How far up the hill will it coast before starting to roll back down?

[spartan55]

Homework Statement

A car traveling at 22.0 m/s runs out of gas while traveling up a 24.0deg slope. How far up the hill will it coast before starting to roll back down?

Homework Equations

(v_final)^2 = (v_initial)^2 + 2*(a_parallel)*(x_final - x_initial)
...and some trig

The Attempt at a Solution

I know the acceleration that is important is the acceleration parallel to the plane which is found by some trig manipulation:
(a_y)sin(24.0deg) = a_parallel, where (a_y) = -9.8 m/s^2.
Thus: a_parallel = -3.986 m/s^2.
Now would I use (v_initial) = 22.0 m/s and plug this with a_parallel, x_initial = 0, and v_final = 0 m/s into the above kinematic equation to get: 60.712 m ?
For some reason this just seems like too big of an answer. Any help appreciated. Thanks.

 

[Delphi51]

That answer looks good to me!
It is interesting to check it with an energy approach. KE at the bottom equals PE at the top so
mgh = .5*mv²
Solve for h, then convert that to a distance along the slope using trigonometry.

 

[spartan55]

Wow it is a lot easier with the energy approach. We haven't talked about that yet, we're still on basic kinematics. Thanks for your help!

 

[Delphi51]

Most welcome!

 

[rwisz]

I would first clarify the assumptions and parameters of the problem. Is the car on a frictionless surface? Is there any air resistance? Are we assuming a constant acceleration or a variable one due to the changing slope? These details can greatly affect the accuracy of our calculation.

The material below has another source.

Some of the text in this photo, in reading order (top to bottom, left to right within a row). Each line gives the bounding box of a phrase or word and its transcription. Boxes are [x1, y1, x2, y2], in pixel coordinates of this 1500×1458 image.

Assuming a frictionless surface and neglecting air resistance, your calculation using the kinematic equation is correct. However, as you mentioned, the answer seems quite large. This could be due to the steepness of the slope (24 degrees) and the high initial velocity (22.0 m/s). A quick sanity check would be to compare the answer to the height of the hill (assuming it is not an infinitely long hill). If the coasting distance is significantly larger than the height of the hill, it may be worth double-checking the calculations or considering the effects of air resistance.

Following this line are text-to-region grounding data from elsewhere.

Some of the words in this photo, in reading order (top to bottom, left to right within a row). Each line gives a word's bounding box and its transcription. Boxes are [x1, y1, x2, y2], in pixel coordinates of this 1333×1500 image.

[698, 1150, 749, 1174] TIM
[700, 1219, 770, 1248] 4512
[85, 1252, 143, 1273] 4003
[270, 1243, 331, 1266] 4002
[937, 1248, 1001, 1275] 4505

In addition, it may be helpful to plot the motion of the car on a graph, with distance on the x-axis and time on the y-axis. This can give a visual representation of the motion and help to confirm the calculated distance.

Overall, the answer to this question will depend on the specific parameters and assumptions of the problem. It is important to carefully consider these factors and perform any necessary calculations or experiments to ensure an accurate answer.